Work item: The listing, minus its pictures, is to be given again exactly.
Start of Data provided
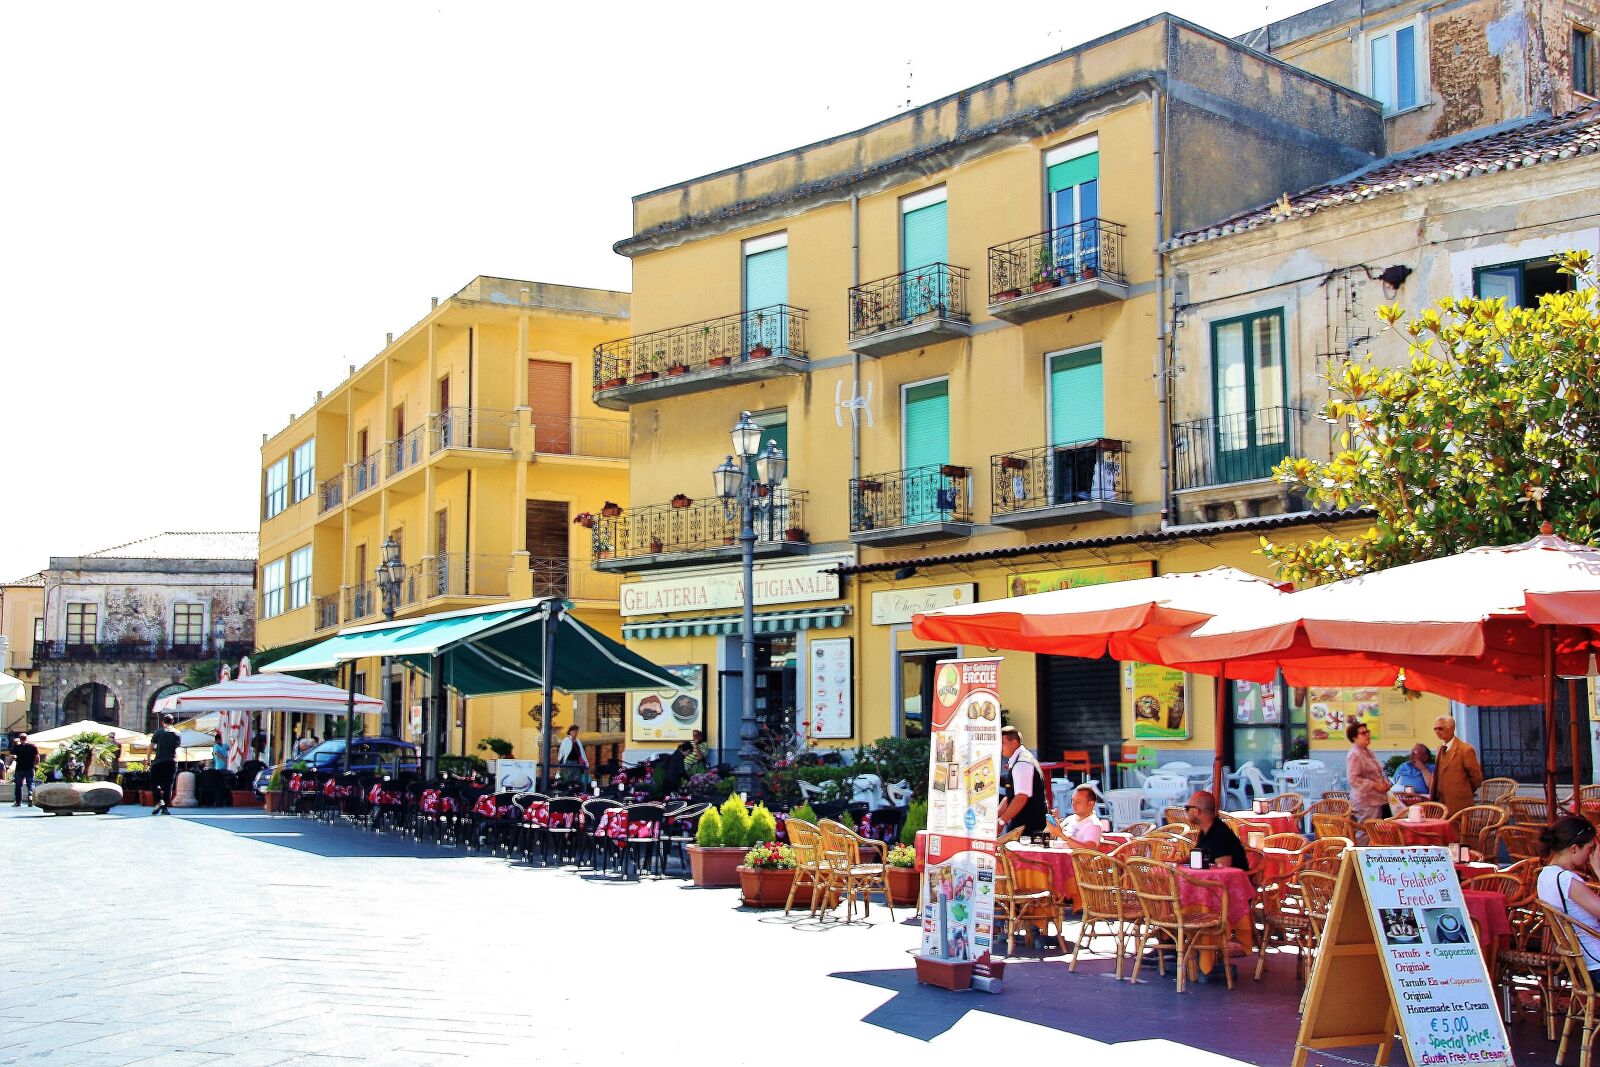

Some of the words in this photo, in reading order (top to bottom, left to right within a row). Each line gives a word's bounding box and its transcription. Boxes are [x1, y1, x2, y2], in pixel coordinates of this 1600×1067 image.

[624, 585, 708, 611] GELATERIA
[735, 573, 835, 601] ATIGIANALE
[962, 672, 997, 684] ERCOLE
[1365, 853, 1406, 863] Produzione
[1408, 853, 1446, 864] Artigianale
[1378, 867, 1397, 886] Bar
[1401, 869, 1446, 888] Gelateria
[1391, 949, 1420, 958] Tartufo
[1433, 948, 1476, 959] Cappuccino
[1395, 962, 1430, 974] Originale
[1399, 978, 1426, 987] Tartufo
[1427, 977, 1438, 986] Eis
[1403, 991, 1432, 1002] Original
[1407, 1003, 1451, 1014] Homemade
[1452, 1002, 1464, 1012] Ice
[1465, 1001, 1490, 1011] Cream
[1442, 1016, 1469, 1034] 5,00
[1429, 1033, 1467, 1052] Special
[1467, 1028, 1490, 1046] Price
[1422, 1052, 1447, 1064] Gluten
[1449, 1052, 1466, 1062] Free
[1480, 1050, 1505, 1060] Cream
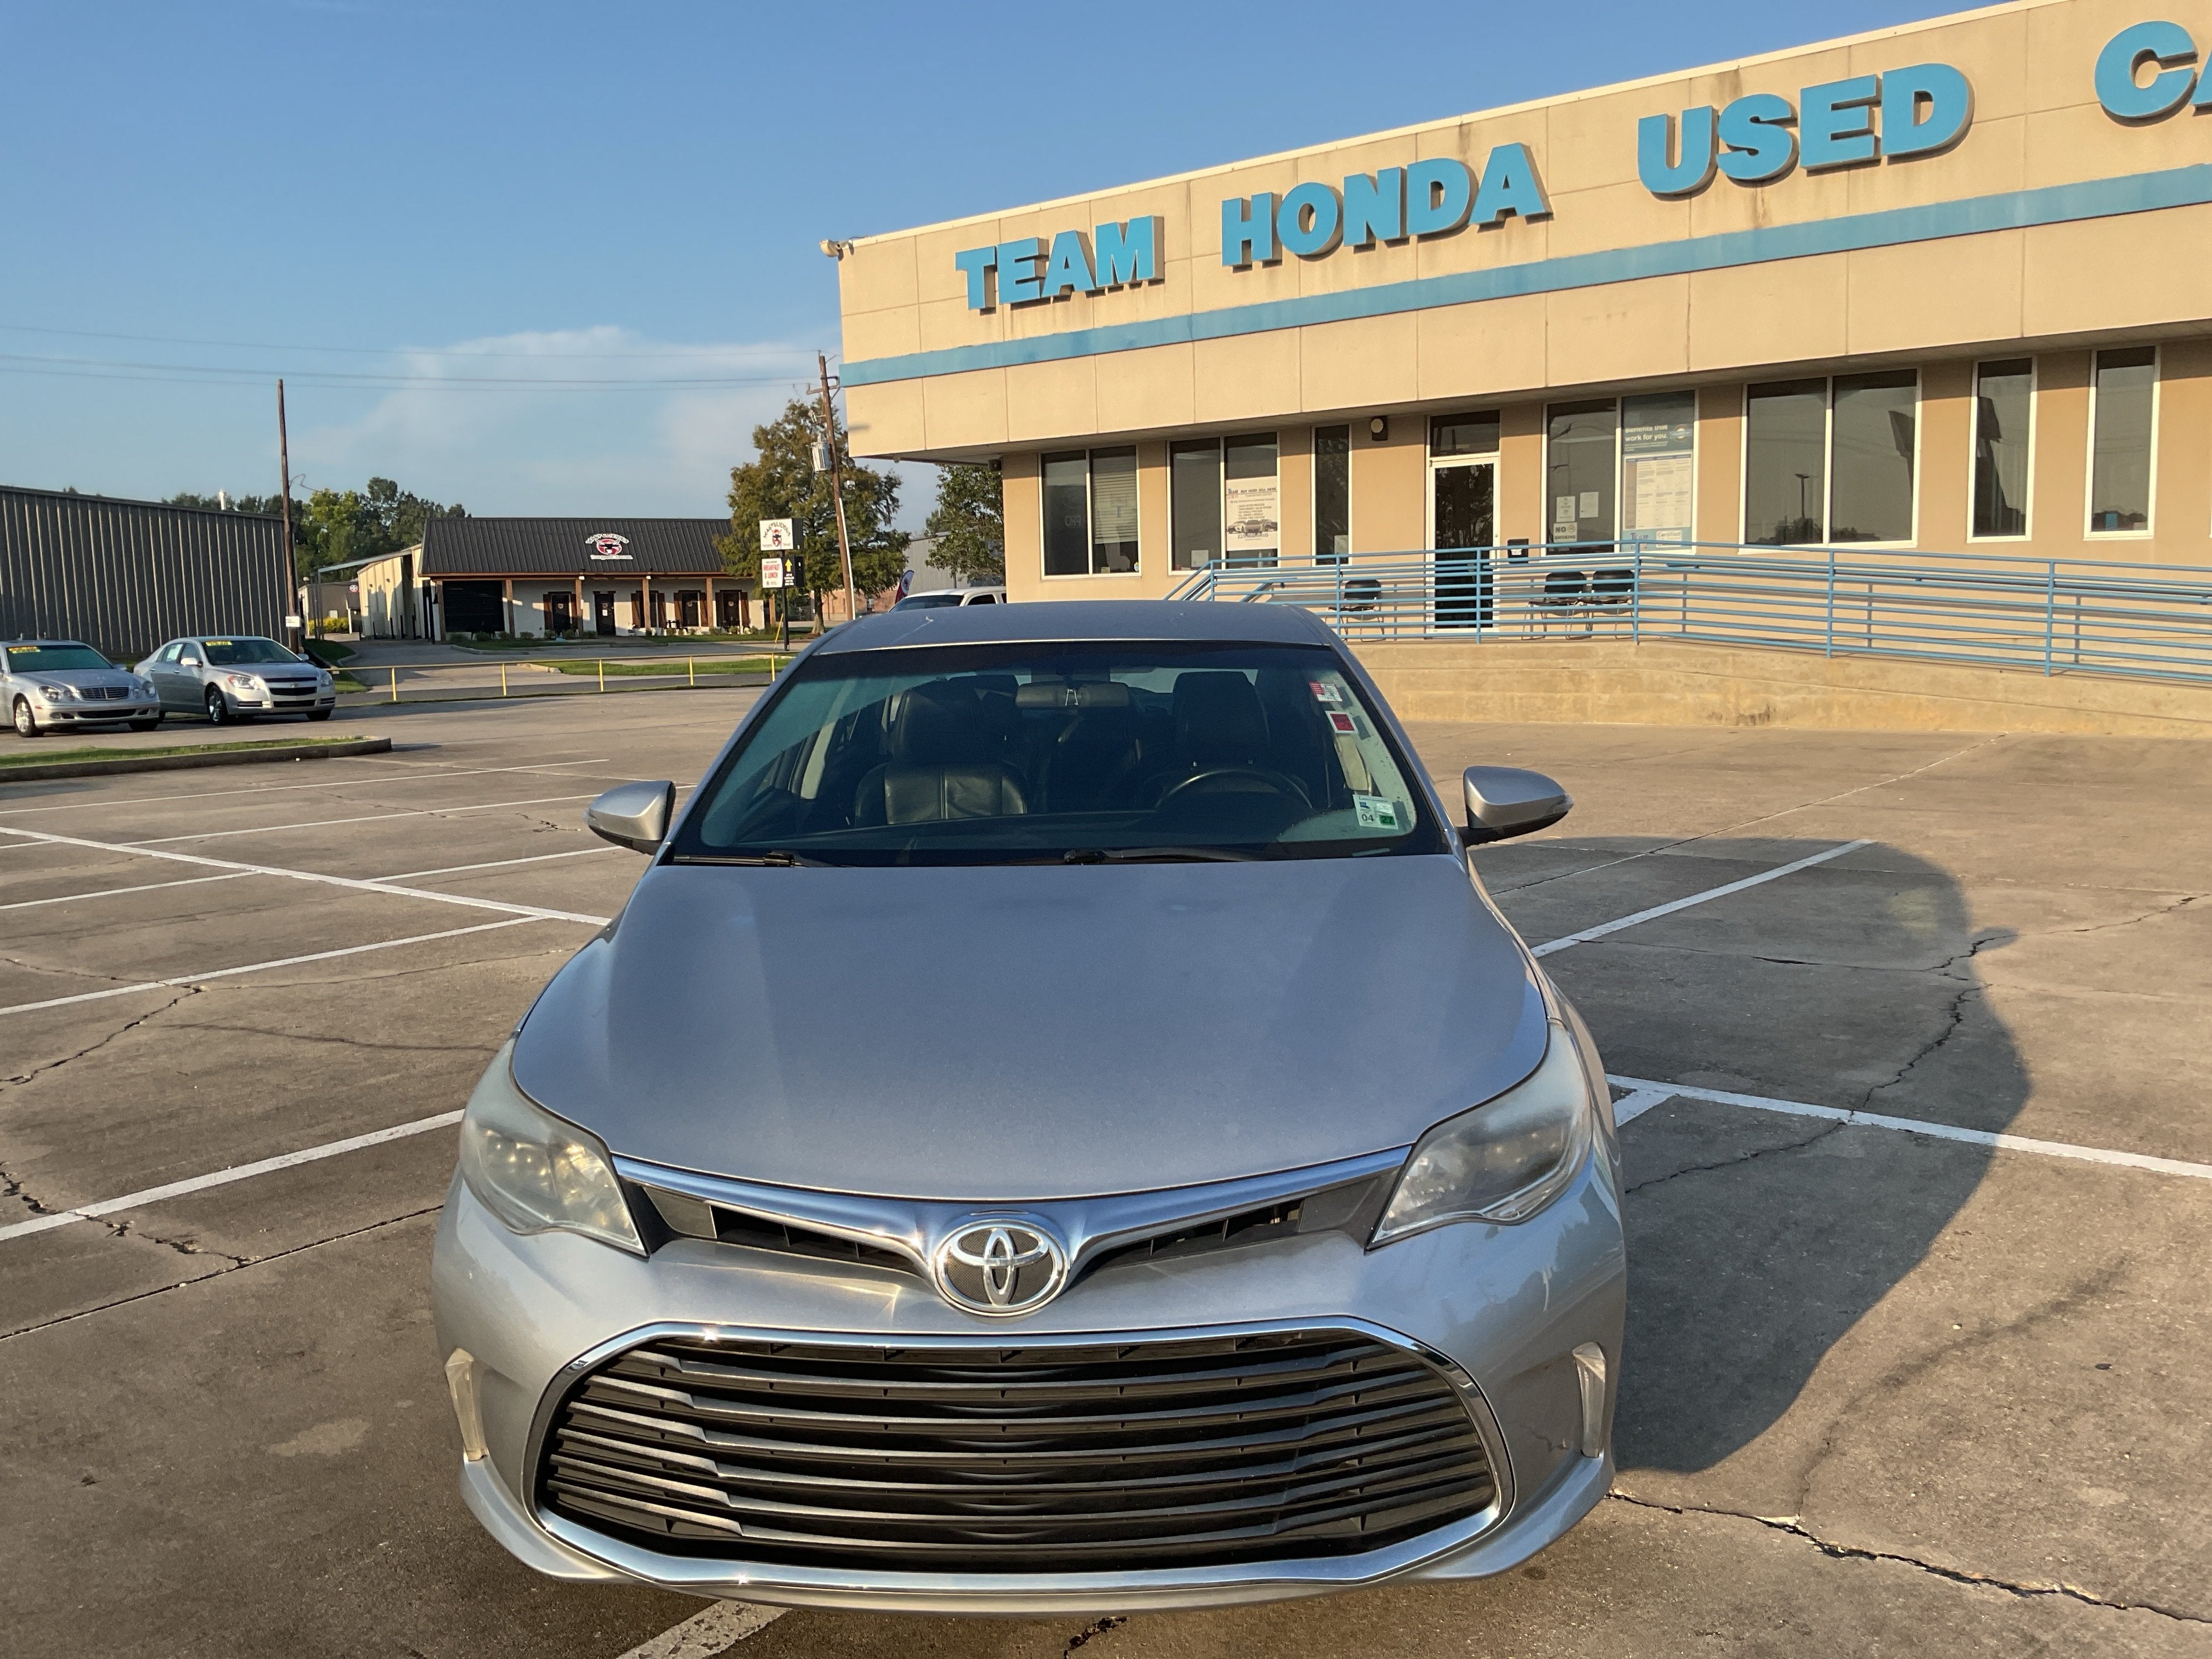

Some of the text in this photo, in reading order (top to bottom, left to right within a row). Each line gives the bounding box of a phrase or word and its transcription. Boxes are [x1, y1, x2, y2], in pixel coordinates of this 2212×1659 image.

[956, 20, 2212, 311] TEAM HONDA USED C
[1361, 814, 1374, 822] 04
End of Data provided
Written solution:
Some of the words in this photo, in reading order (top to bottom, left to right within a row). Each line gives a word's bounding box and its transcription. Boxes are [x1, y1, x2, y2], in pixel coordinates of this 1600×1067 image.

[624, 585, 708, 611] GELATERIA
[735, 573, 835, 601] ATIGIANALE
[962, 672, 997, 684] ERCOLE
[1365, 853, 1406, 863] Produzione
[1408, 853, 1446, 864] Artigianale
[1378, 867, 1397, 886] Bar
[1401, 869, 1446, 888] Gelateria
[1391, 949, 1420, 958] Tartufo
[1433, 948, 1476, 959] Cappuccino
[1395, 962, 1430, 974] Originale
[1399, 978, 1426, 987] Tartufo
[1427, 977, 1438, 986] Eis
[1403, 991, 1432, 1002] Original
[1407, 1003, 1451, 1014] Homemade
[1452, 1002, 1464, 1012] Ice
[1465, 1001, 1490, 1011] Cream
[1442, 1016, 1469, 1034] 5,00
[1429, 1033, 1467, 1052] Special
[1467, 1028, 1490, 1046] Price
[1422, 1052, 1447, 1064] Gluten
[1449, 1052, 1466, 1062] Free
[1480, 1050, 1505, 1060] Cream

Some of the text in this photo, in reading order (top to bottom, left to right within a row). Each line gives the bounding box of a phrase or word and its transcription. Boxes are [x1, y1, x2, y2], in pixel coordinates of this 2212×1659 image.

[956, 20, 2212, 311] TEAM HONDA USED C
[1361, 814, 1374, 822] 04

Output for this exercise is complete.